Segment Open

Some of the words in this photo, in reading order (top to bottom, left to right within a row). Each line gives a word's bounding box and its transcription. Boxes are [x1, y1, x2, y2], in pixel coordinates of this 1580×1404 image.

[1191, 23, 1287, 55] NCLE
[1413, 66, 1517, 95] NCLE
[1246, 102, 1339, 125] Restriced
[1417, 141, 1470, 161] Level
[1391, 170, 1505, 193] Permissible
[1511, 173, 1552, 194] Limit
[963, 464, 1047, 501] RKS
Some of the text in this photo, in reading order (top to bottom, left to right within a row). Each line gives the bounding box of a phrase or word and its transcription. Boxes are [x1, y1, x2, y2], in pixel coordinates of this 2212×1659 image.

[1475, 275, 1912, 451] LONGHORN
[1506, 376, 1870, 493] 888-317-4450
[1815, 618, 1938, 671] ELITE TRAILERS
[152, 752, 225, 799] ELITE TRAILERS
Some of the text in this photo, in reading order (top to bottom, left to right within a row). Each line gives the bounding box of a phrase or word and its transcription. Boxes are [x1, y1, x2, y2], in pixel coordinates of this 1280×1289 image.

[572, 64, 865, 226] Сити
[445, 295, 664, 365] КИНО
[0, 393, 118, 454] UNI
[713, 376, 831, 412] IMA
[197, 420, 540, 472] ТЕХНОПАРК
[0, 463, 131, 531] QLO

Segment Closed

ACTIVITY:
From the line containing "this 1280×1289 image." to the last line of the records above, please write out every line exactly and add nothing.

WRITTEN SOLUTION:
Some of the text in this photo, in reading order (top to bottom, left to right within a row). Each line gives the bounding box of a phrase or word and its transcription. Boxes are [x1, y1, x2, y2], in pixel coordinates of this 1280×1289 image.

[572, 64, 865, 226] Сити
[445, 295, 664, 365] КИНО
[0, 393, 118, 454] UNI
[713, 376, 831, 412] IMA
[197, 420, 540, 472] ТЕХНОПАРК
[0, 463, 131, 531] QLO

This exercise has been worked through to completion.